There are many Bible references to Jerusalem being the City of God either directly or by implication.[3] Jerusalem is mentioned about 600 times in the Old Testament and almost 80 times in the New Testament. Interestingly, it is not mentioned a single time in the Muslim holy book; the Koran. The first century Roman historian Pliny, referred to Jerusalem as; by far the most famous city in the Orient.[4]

The location of Jerusalem is unusual. Most ancient cities were built by rivers so that the inhabitants would have plenty of fresh water, Jerusalem is on a mountain 780 m (2,550 ft) above sea level and clean water is supplied by way of the Gihon spring. The elevated terrain makes for it to be  well-fortified. The area enclosed within its walls, comprises only 3-4 hectares (8-10 acres).

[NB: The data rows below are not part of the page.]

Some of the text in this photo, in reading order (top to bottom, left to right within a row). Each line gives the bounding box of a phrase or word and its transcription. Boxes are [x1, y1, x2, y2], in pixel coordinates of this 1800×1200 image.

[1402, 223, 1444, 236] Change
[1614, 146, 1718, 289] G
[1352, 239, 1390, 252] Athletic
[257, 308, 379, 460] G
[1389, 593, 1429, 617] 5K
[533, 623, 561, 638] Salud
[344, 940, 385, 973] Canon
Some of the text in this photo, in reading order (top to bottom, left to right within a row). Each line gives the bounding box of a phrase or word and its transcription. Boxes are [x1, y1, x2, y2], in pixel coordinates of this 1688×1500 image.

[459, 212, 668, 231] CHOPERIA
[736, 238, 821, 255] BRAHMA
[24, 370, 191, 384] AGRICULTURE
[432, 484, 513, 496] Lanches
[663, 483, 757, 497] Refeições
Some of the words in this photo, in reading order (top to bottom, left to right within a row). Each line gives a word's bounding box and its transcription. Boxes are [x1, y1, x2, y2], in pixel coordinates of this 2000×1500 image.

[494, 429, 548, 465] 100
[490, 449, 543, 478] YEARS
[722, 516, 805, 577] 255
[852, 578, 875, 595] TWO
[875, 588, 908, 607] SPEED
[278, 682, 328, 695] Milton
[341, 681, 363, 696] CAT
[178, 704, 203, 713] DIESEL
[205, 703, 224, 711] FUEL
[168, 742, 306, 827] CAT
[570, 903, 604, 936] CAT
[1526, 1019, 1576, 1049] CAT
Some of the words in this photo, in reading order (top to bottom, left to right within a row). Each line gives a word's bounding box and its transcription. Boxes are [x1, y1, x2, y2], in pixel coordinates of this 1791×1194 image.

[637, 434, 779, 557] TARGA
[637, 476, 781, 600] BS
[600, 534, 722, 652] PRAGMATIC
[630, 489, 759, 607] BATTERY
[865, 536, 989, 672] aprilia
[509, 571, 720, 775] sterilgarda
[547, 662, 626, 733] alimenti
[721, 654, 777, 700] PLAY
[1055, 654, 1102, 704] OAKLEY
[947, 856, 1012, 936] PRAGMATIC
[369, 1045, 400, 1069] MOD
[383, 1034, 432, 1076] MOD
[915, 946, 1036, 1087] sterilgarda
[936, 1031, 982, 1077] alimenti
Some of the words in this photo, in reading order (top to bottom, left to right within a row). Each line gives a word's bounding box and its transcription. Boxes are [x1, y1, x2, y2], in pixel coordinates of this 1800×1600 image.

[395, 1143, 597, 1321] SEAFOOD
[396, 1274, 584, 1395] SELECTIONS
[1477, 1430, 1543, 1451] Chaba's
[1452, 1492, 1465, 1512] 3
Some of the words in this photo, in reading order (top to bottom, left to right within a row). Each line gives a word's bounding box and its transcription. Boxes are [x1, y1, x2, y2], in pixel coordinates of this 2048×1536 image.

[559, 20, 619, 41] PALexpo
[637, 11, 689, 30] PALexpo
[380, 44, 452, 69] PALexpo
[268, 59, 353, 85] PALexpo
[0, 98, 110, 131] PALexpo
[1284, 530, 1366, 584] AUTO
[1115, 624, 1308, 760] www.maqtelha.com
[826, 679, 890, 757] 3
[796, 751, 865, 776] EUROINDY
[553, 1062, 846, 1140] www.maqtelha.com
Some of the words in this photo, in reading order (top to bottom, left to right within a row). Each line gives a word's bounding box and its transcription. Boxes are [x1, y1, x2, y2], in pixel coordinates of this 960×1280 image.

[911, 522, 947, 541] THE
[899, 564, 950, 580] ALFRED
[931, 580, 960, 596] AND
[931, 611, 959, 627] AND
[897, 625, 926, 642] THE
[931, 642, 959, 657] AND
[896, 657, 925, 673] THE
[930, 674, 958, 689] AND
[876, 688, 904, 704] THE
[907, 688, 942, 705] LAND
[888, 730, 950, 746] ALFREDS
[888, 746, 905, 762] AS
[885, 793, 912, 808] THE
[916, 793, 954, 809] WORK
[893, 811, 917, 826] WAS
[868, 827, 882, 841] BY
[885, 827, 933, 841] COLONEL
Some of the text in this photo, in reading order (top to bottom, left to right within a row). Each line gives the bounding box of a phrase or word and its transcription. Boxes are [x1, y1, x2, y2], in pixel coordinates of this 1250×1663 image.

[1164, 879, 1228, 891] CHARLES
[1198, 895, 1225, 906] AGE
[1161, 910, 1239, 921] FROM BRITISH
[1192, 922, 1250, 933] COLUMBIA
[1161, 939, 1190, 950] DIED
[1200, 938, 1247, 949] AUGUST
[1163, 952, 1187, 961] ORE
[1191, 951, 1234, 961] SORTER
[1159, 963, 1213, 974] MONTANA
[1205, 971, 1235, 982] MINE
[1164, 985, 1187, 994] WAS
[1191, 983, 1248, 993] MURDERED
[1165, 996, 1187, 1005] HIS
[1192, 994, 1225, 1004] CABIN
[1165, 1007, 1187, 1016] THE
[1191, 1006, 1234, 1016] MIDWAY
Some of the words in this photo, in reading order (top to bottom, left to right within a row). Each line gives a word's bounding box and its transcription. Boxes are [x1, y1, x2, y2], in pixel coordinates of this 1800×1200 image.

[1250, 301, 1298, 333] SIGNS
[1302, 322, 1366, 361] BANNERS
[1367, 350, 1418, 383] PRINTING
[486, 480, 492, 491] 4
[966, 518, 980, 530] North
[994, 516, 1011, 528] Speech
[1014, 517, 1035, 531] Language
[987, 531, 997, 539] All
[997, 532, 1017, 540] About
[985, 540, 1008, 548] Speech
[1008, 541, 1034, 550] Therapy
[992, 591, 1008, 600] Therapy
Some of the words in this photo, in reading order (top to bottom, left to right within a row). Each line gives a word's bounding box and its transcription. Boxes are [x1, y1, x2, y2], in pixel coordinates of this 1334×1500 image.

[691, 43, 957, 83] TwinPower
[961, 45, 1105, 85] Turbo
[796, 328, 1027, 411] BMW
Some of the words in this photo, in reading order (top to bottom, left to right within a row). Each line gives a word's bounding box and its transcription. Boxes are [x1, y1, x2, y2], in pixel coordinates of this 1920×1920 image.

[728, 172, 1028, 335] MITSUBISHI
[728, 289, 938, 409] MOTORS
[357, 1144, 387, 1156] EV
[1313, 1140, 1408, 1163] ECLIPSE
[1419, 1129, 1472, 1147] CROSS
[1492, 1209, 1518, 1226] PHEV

Amos has a vision of the destruction of the temple and by implication, Jerusalem as well.[5]

Isaiah in chapter 3, speaks of God’s judgement on Jerusalem and Judah.

Habakkuk records that God is going to bring judgement on Judah at the hands of the Babylonians with Jerusalem being destroyed.

I am raising up the Babylonians, that ruthless and impetuous people, who sweep across the whole earth to seize dwelling places not their own.[6]

Jeremiah foretold the destruction of Jerusalem at the hands of Nebuchadnezzar, king of Babylon, as God had told him:

I have determined to do this city harm, and not good, declares the LORD. It will be given into the hands of the king of Babylon, and he will destroy it with fire.[7]

Jeremiah goes on to state that:

This whole country will become a desolate wasteland and these nations will serve the king of Babylon seventy years.[8]


When seventy years are completed for Babylon, I will come to you and fulfill my gracious promise to bring you back to this place.[9]

Further, Isaiah announces the name of the person, who will let the Children of Israel return to rebuild the city and the temple.

Who says of Cyrus, ‘He is my shepherd and will accomplish all that I please; he will say of Jerusalem, “Let it be rebuilt,” and of the temple. “Let its foundations be laid.”’

Jeremiah states, in chapter 31, that Jerusalem will be rebuilt and never be demolished again.

  • Verse 38: “The days are coming,” declares the Lord, “when this city will be rebuilt for me from the Tower of Hananel to the Corner Gate.
  • Verse 39: The measuring line will stretch from there straight to the hill of Gareb and then turn to Goah.
  • Verse 40: The whole valley where dead bodies and ashes are thrown, and all the terraces out to the Kidron Valley on the east as far as the corner of the Horse Gate, will be holy to the Lord. The city will never again be uprooted or demolished.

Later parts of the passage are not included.